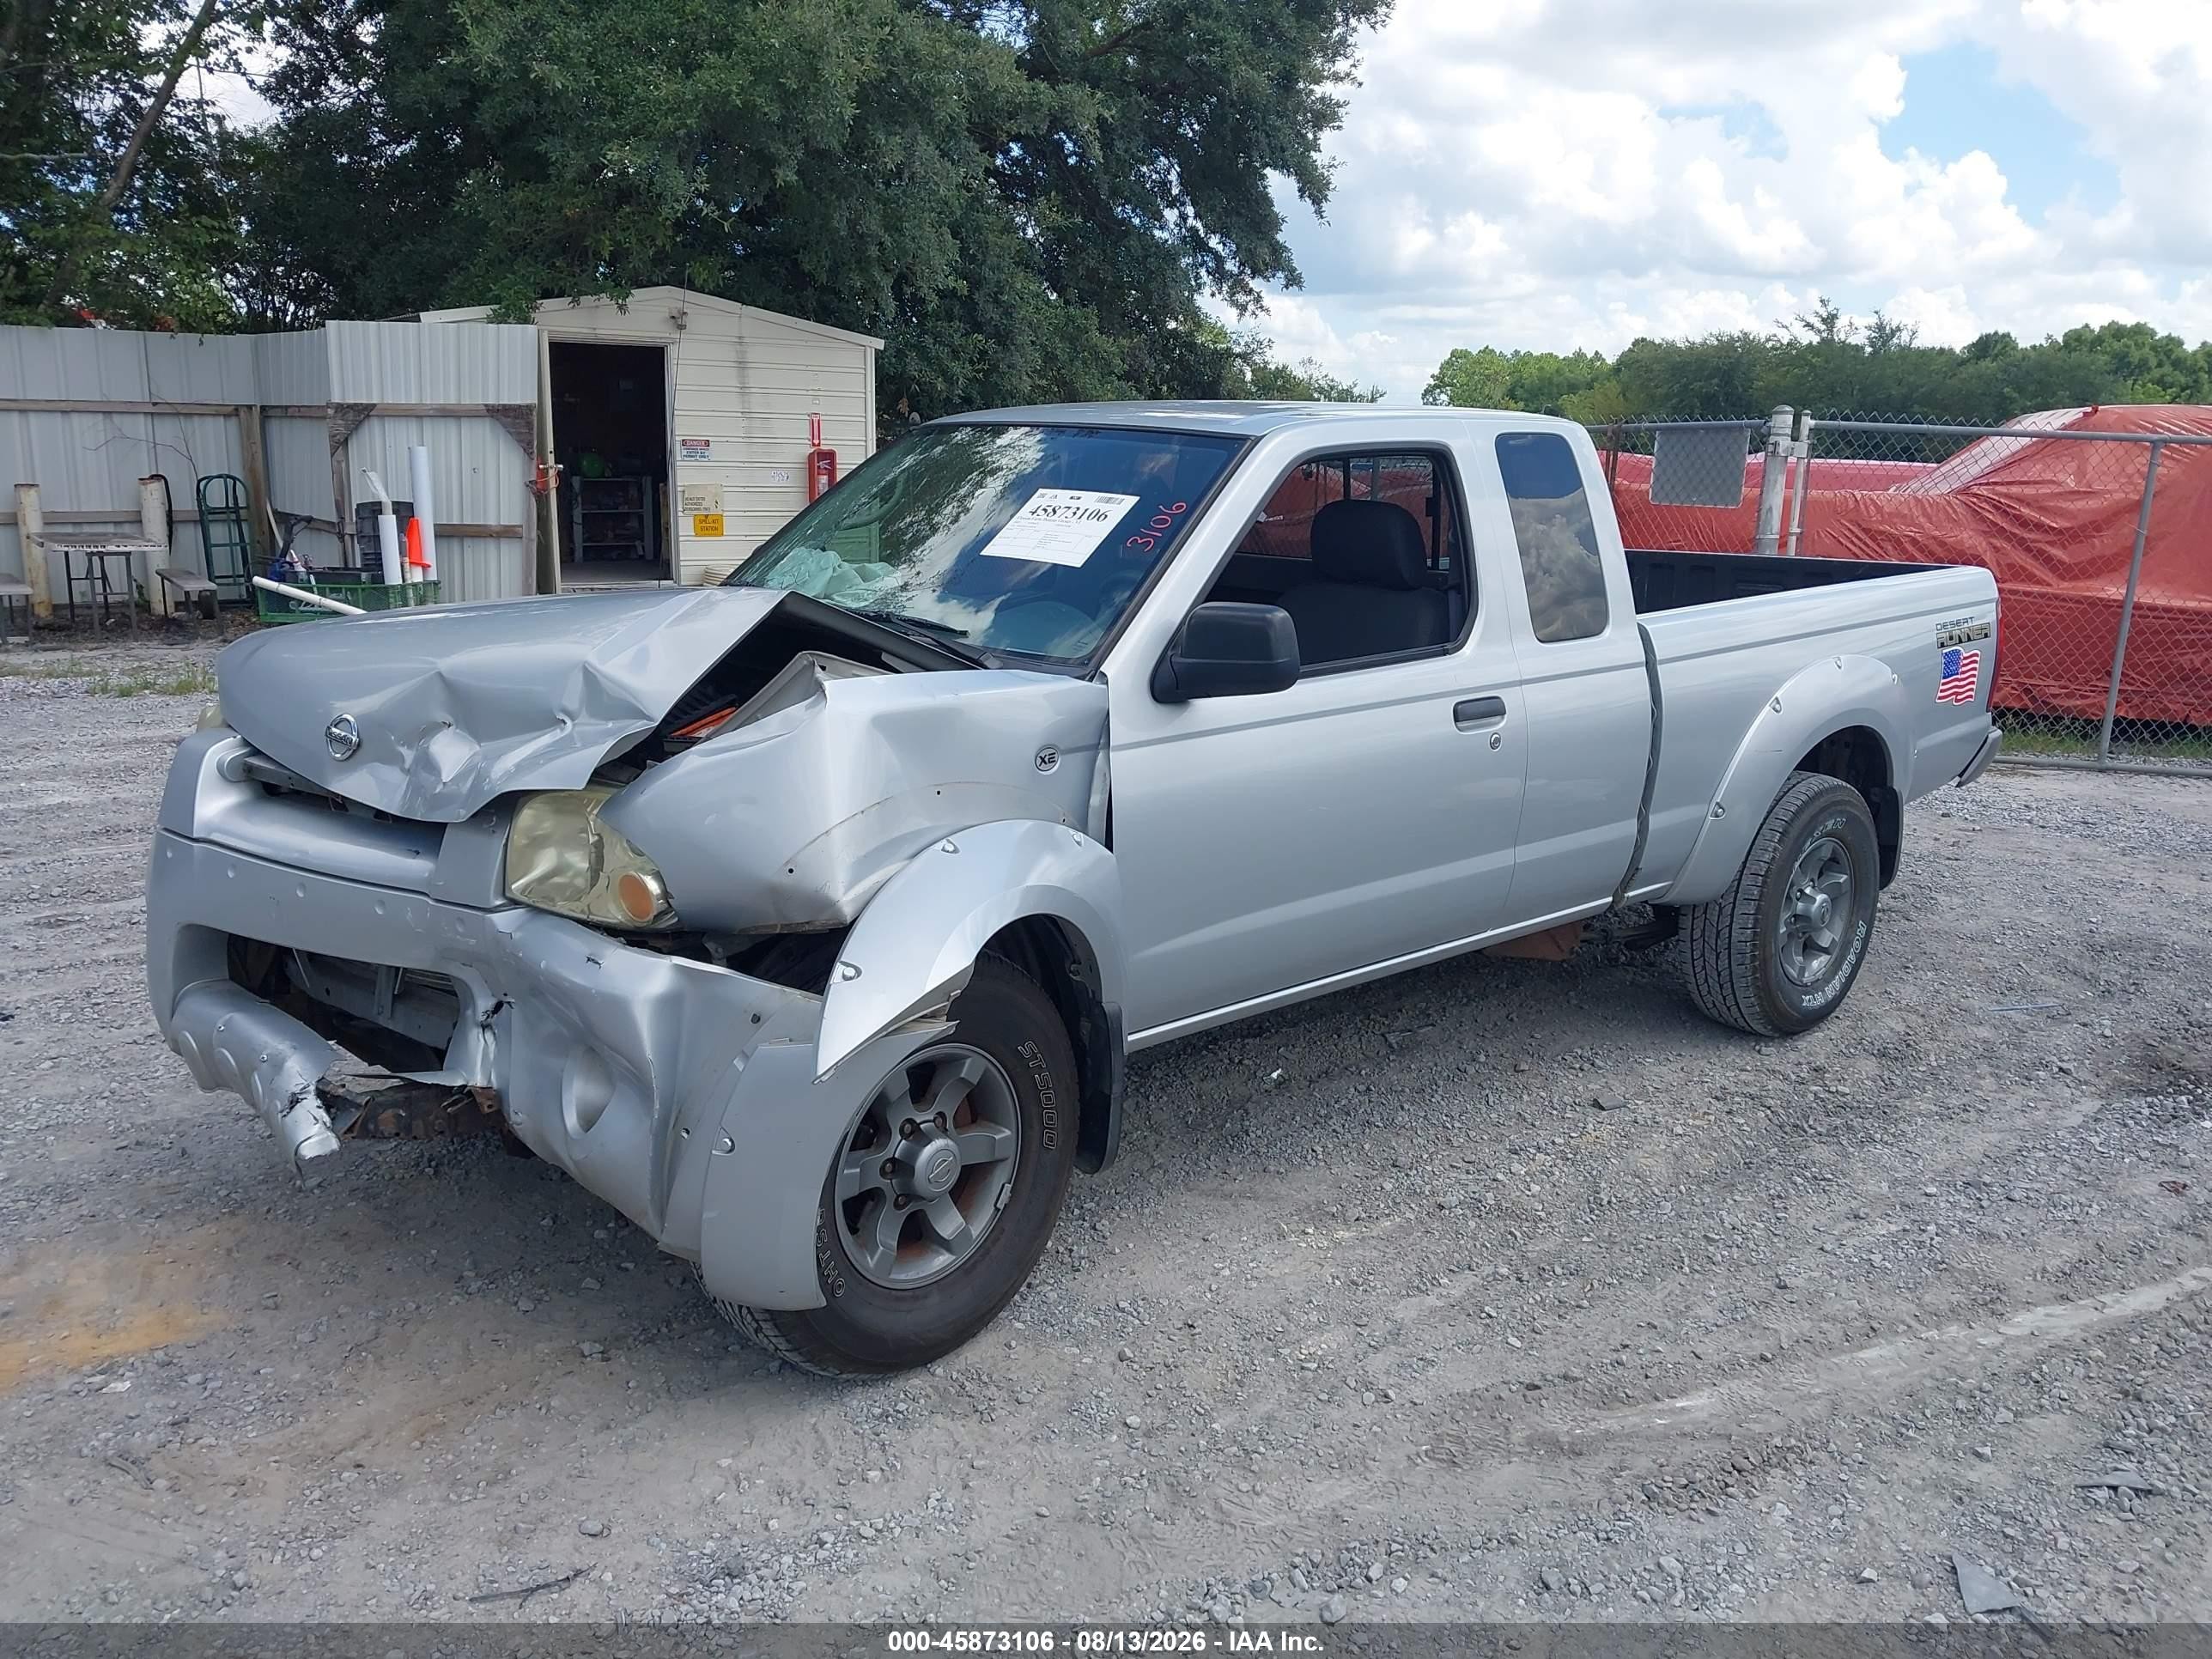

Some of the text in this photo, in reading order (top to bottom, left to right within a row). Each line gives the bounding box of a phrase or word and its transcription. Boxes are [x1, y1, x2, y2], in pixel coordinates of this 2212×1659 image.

[1029, 504, 1113, 523] 45873106
[1126, 501, 1188, 552] 3106
[1936, 617, 1975, 631] DESERT
[1936, 623, 1990, 648] RUNNER
[1038, 752, 1056, 767] XE
[1802, 920, 1867, 1006] ROADIAN HTX
[1018, 1040, 1058, 1150] ST5000

· · · ·

# Requirement:
With the pictures removed, output the listing above exactly.

# Written solution:
Some of the text in this photo, in reading order (top to bottom, left to right within a row). Each line gives the bounding box of a phrase or word and its transcription. Boxes are [x1, y1, x2, y2], in pixel coordinates of this 2212×1659 image.

[1029, 504, 1113, 523] 45873106
[1126, 501, 1188, 552] 3106
[1936, 617, 1975, 631] DESERT
[1936, 623, 1990, 648] RUNNER
[1038, 752, 1056, 767] XE
[1802, 920, 1867, 1006] ROADIAN HTX
[1018, 1040, 1058, 1150] ST5000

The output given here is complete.